Бывают в жизни моменты, когда ты глядишь, как под волнами гибнут твои обожаемые атлантиды, и покоряешься судьбе. Бывают в жизни моменты, когда ты не можешь заплатить по счетам и не видишь выхода, кроме как спустить с цепи дьявола. Бывают в жизни моменты, когда ты каменеешь сердцем и говоришь себе: да гори она синим пламенем, дарохранительница, со всеми святыми иконами и долбаным храмом!

— Валери, я единственный человек, который может упечь тебя в кутузку. Вздумаешь юлить — зенки выколупну и сожру, и да поможет мне Господь!

На другом конце линии — безмолвие.

— Дай подумать минутку, — говорит она чуть позже. Очень уж неожиданно…

Какая, по-вашему, картинка мигом рисуется в моем воображении? Лабиринт, а в нем крыса тычется носом во все щели.

— Конечно-конечно. Минута — твоя. Я подожду.

Пока она думала, я не терял времени и пытался воссоздать из кусочков то, что происходило «за кадром» и во что я так упорно отказывался поверить. Да, мне было просто необходимо схлопотать под занавес в морду — услышать ее голос по телефону. Чтобы убедиться в своей неизлечимой тупости. Но теперь я очухался от зуботычины и начал соображать, что к чему.

Все факты были налицо… Только кое-кто боялся узнать, какой он все-таки лох, и до самого конца ухитрялся их не замечать. Со своим дружком она встретилась или в аэропорту Бербанка, или он прилетел к ней в Сакраменто из Сан-Франциско.

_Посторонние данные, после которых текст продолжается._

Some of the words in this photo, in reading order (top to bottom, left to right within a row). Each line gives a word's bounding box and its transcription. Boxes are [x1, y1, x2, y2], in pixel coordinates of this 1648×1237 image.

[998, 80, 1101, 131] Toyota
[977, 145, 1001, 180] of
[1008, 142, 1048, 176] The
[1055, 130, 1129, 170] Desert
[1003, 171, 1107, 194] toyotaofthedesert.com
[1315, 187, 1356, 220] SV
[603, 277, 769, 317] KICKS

В полицейском рапорте, составленном сразу после того, как парень купил цветы и послал их «миссис Эллисон», фигурировал «смуглый, коренастый молодой человек», а воспоминания матери Валери дополняли этот портрет следующим штрихом: «какой-то латинчик, может, кубинец». В гостинице «Холидей» они жили вместе, и там с Валери что-то приключилось. Что-то достаточно серьезное для вмешательства «скорой помощи» и госпитализации в Медицинском центре, а также для трогательной заботы ее дружка, прикарманившего мои кредитные карточки.

И вот я держу над ее головой (как мне кажется) дамоклов меч полиции.

— Пока я здесь, ничего не получится, — сказала Валери наконец.

— Тебе оттуда не слинять. — На этот счет я не испытывал сомнений.

— Тогда и денег не раздобыть.

— А коли так, полезай на шконку. Я обвинения не сниму.

— Слушай, зачем тебе это, а?

— Затем, что я тухлый сукин сын, вот зачем.

Мы еще немного посюсюкали в том же духе, и она бросила трубку. Я повернулся к Джиму Сазерленду.

— Может, мне придется слетать в Сакраменто. Похоже, все будет в порядке, но у меня нехорошие предчувствия насчет раздолбаев из «БанкАмерикард» и полиции. Ну а еще… хотелось бы поглядеть ей в лицо.

Я имел в виду, что хотел бы узреть на ее смазливой мордашке клеймо двуличности. Я имел в виду, что у меня появился растущий внутрь волос и надо было его выщипнуть. Как типичному мазохисту, мне до зарезу требовалось вышибить клин клином, добровольно подвергнуться мукам, выяснить, как я превратился в такого дремучего лоха, почему готов идти на поводу чуть ли не у первого встречного жулика и отчего, столько всего повидав в жизни, я совершаю глупейшую ошибку, растрачивая эмоции черт знает на что. Меня донимала навязчивая тяга к просветлению, к пониманию людских душ; мне не хотелось чапать вслепую по жизненному пути, спотыкаясь на каждом шагу и считая себя непревзойденным знатоком человеческой сущности, которого никто и никогда не посадит в галошу. Валери обвела меня вокруг пальца, да так ловко, что, даже все поняв, я не поверил! Вернее, какая-то придурковатая частичка моего разума во время беседы по телефону нашептывала мне, что ее волнение и уступчивость не притворны.

Вот так мы и увековечиваем в бронзе собственный идиотизм.